Jesus, it seems, has no trouble entering this locked room. And Jesus, it is clear, is not afraid at all. And perhaps, Jesus is a bit like Cesar Millan, or perhaps like those people in our lives who abide in such peace that we feel peaceful with them. Because Jesus is more than simply not afraid; Jesus is at peace with the sort of peace that runs over the side of the cup. So “Jesus came and stood among them and said, “Peace be with you.”
And in that locked house, as Jesus shows them his hands and his side—the emblems of his own suffering—Jesus opens a whole new world to those disciples, a world they did not need to fear.

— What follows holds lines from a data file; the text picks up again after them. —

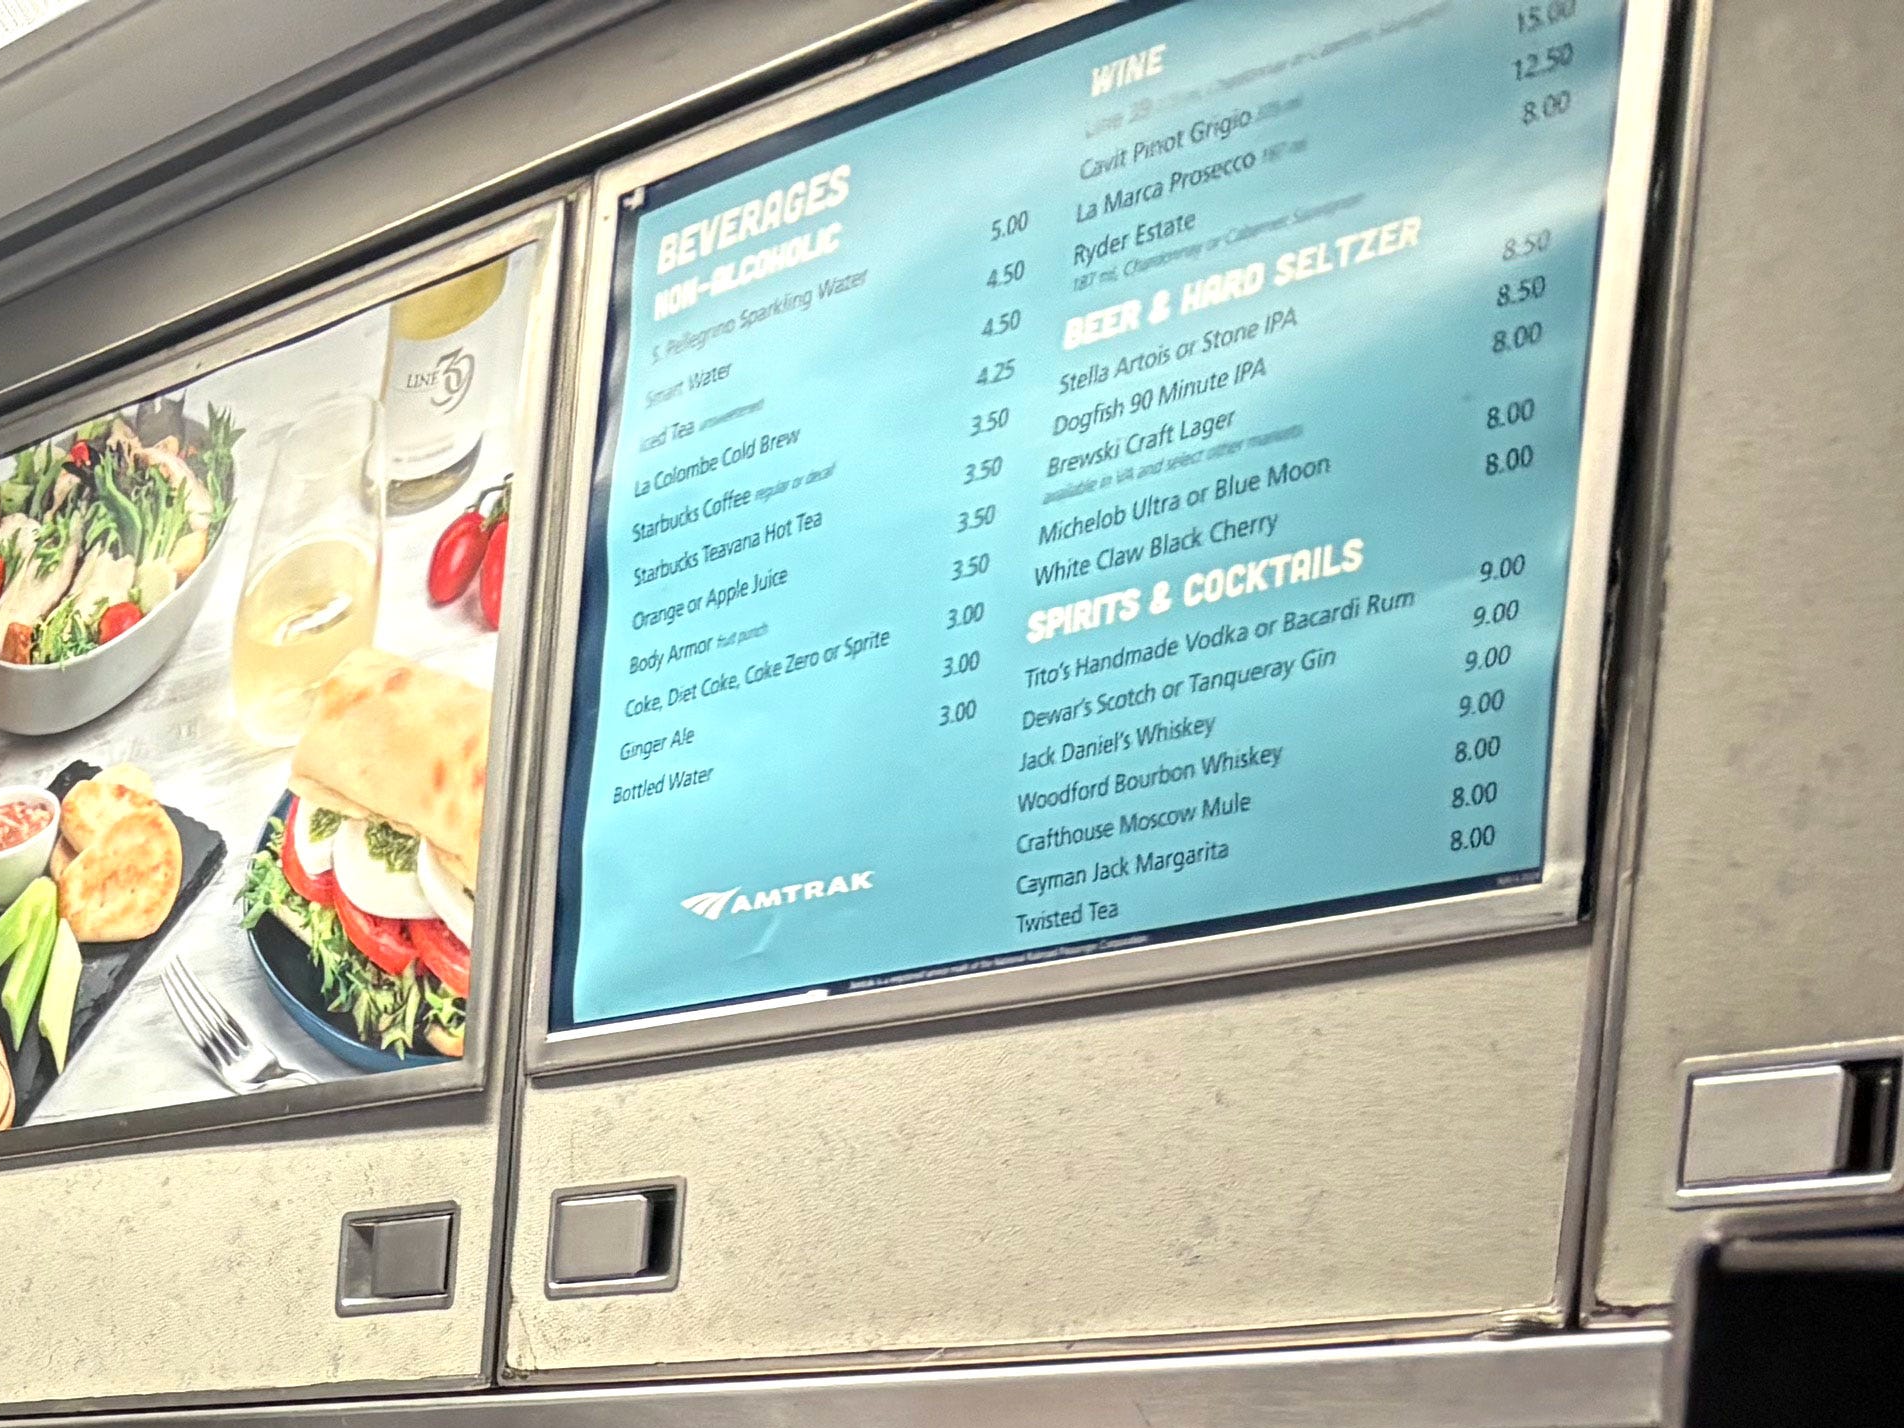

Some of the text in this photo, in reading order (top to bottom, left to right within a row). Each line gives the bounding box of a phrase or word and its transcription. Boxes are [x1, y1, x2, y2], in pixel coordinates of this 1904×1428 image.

[1091, 43, 1166, 98] WINE
[1513, 42, 1574, 81] 12.50
[1523, 90, 1571, 126] 8.00
[1075, 149, 1256, 223] La Marca Prosecco
[657, 164, 851, 275] BEVERAGES
[991, 210, 1029, 242] 5.00
[1502, 227, 1552, 262] 8.50
[654, 222, 845, 321] NON-ALCOHOLIC
[985, 259, 1026, 289] 4.50
[1063, 300, 1141, 351] BEER
[1148, 290, 1171, 325] &
[1180, 263, 1265, 316] HARD
[1274, 216, 1422, 287] SELTZER
[1496, 275, 1547, 308] 8.50
[981, 309, 1022, 337] 4.50
[1492, 320, 1543, 354] 8.00
[406, 371, 438, 388] LINE
[975, 358, 1016, 387] 4.25
[1053, 357, 1268, 437] Dogfish 90 Minute IPA
[970, 407, 1009, 437] 3.50
[1486, 398, 1536, 431] 8.00
[962, 455, 1003, 486] 3.50
[1484, 444, 1534, 477] 8.00
[1038, 455, 1332, 547] Michelob Ultra or Blue Moon
[957, 504, 997, 534] 3.50
[1033, 512, 1280, 588] White Claw Black Cherry
[950, 553, 991, 582] 3.50
[1478, 553, 1527, 583] 9.00
[1026, 537, 1366, 645] SPIRITS & COCKTAILS
[946, 601, 986, 631] 3.00
[1472, 599, 1520, 629] 9.00
[1024, 589, 1417, 690] Tito's Handmade Vodka or Bacardi Rum
[941, 650, 980, 679] 3.00
[1463, 645, 1511, 673] 9.00
[1021, 646, 1337, 731] Dewar's Scotch or Tanqueray Gin
[1458, 690, 1505, 717] 9.00
[938, 699, 977, 727] 3.00
[619, 727, 695, 763] Ginger Ale
[1018, 715, 1216, 773] Jack Daniel's Whiskey
[1454, 736, 1501, 763] 8.00
[612, 766, 714, 805] Bottled Water
[1016, 742, 1283, 813] Woodford Bourbon Whiskey
[1451, 782, 1498, 809] 8.00
[1016, 792, 1252, 854] Crafthouse Moscow Mule
[1450, 825, 1495, 852] 8.00
[1016, 840, 1230, 895] Cayman Jack Margarita
[730, 870, 876, 914] AMTRAK
[1016, 901, 1119, 933] Twisted Tea

After all, if Jesus couldn’t be held down in death, and if Jesus could come out the other side of that, what in the world is there left to fear? And so “the disciples rejoiced when they saw the Lord.”
There are two things that do not happen in this story, and another thing that does happen. First—the thing that does happen: Jesus gives the disciples the Holy Spirit, sending them into the world as the Father had sent Jesus. But strangely, two things don’t happen: we hear nothing about any doors being unlocked; and we don’t hear anything about Jesus leaving, or the disciples leaving, almost as though we are meant to imagine the disciples no longer needing to leave the room, and that in that room they remain, for some unspecified length of time, with Jesus.
As though the world that Jesus sends the disciples into, in the power of the Holy Spirit he has just given them, is a world seen, a world entered into, now, through Jesus himself. Almost as though those open wounds on his hands and his feet are little windows through which the world can be seen anew, almost as though those open wounds on his hands and his feet are little doors through which the world can now be passed into, but a world now no longer closed out in fear but opened up in Jesus. A new world, a new future, brightened by a Holy Spirit that transforms us and the whole world, according to the love of the wounded one, the crucified one, the living one.
This is, in part, what we do today with Annika. What world do we want to welcome Annika into? A world locked out from her, out of fear? Or a world opened up in peace, a world of joy? Today, in the water of baptism, Annika too will die and rise with Christ; and as a result, she becomes fully a member of the body of the risen Jesus, the one who brings peace, and the one who brings joy. And today too, in the waters of baptism, Annika receives the Holy Spirit, the Holy Spirit that enlightens the world of the crucified and risen one, a Holy Spirit that strengthens us for Christ’s world.
And as little as she is, she too, as a member of the body of Christ, takes part in the peace of Christ, she takes part in the joy of Christ (even if she screams!). We invite her into a world that is not without its dangers; it is not without its broken relationships; but nevertheless, we invite her into a world
that we know, in Christ, as not just one in which there is nothing to fear; instead, through our Lord Jesus Christ—crucified for us, and yet risen—by the power of the Holy Spirit, she is invited, with us, into God’s life in Christ, a life nevertheless of love, of peace, of joy.